Because I do want love again. But I’m afraid. That fear empowered me in the wrong way. I invested more energy into third party satisfaction while forgetting about the most important piece – my heart. No matter how clear your third eye is or how in control you think you are of life and love, the heart is in control even when you aren’t.
I put my heart behind a locked door and pretended that I wasn’t waiting for someone to ask for the key. Until no one asked for the key. I want someone to ask for it. There, I said it.
Sex makes me feel powerful. Sex with good men makes me feel amazing. Great conversations and dates make me feel adored and warm. Take all of it away and what do I feel? Alone. And I told the universe that’s what I wanted and I received it. Knowing I want more eventually.

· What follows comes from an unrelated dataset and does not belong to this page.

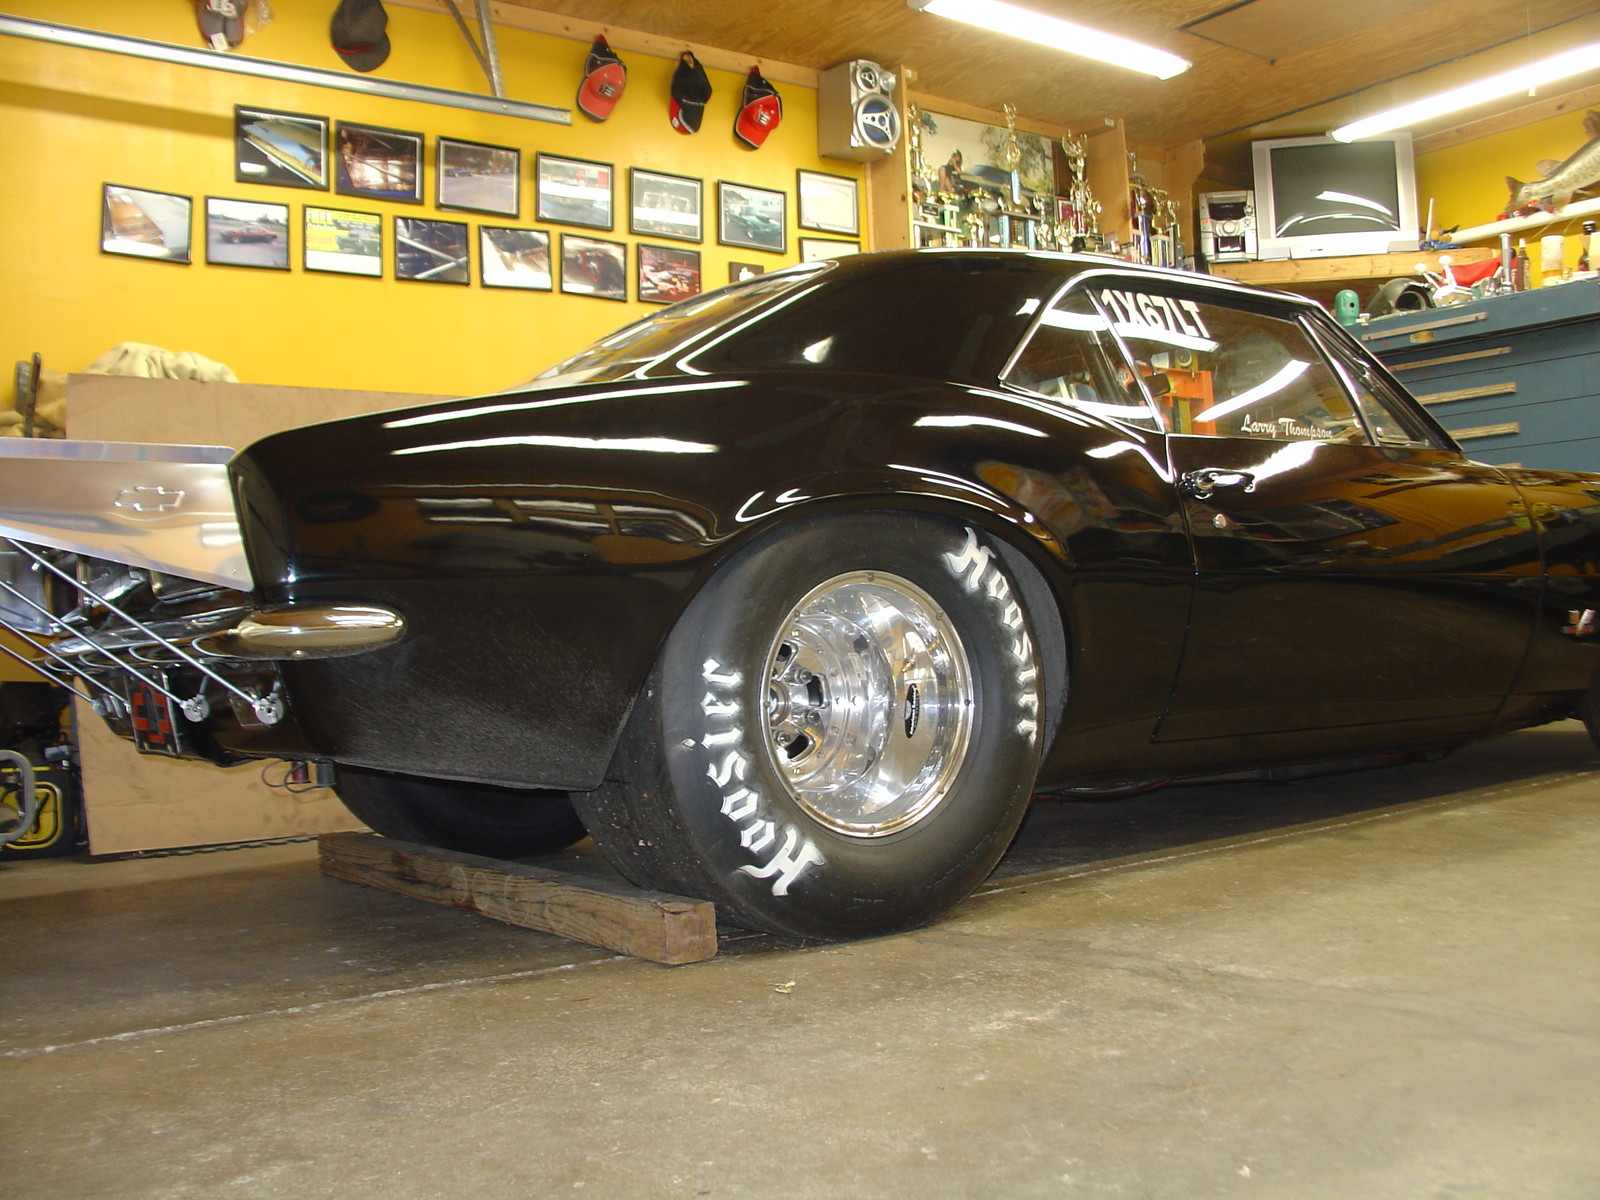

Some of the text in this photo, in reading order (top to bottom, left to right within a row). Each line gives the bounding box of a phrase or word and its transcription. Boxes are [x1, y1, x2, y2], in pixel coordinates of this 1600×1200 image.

Just like a marriage, the work doesn’t begin with the I do’s. It begins when you realize that this is someone you never see yourself without. Here I am waiting for someone to see me in a way that I haven’t seen myself. I’m a forever person but got stuck in the mode of “just for right now.”
And so it begins. The challenge of adding heart back into the mix. It makes me feel vulnerable. Afraid. Unguarded.
But when I hit 50 in five short years, I don’t want to be tucked away in my loving bed waiting for a lover to call. I want to be on my side of the bed, nudging my babe to cut his light out on his side. I want to feel strong arms pulling me close in the middle of the night. I want come home and cry about a bad day and be told, “Babe, fuck them people.” I want someone who doesn’t mind getting up early on a Sunday morning to hike or surprises with impromptu weekend road trips. I want someone to lay beside on rainy Saturday mornings and have soft conversations about staying in or heading out to breakfast. I want to look across the room at gatherings with family and friends and meet eyes with my love.
That’s what I’m putting out into the universe. And hopefully, it will answer with my forever one. In the meantime, I’m working on being the love that I want to receive. Being the reflection of what I want to receive. Knowing that when it shows up, it is exactly what I’ve been waiting for.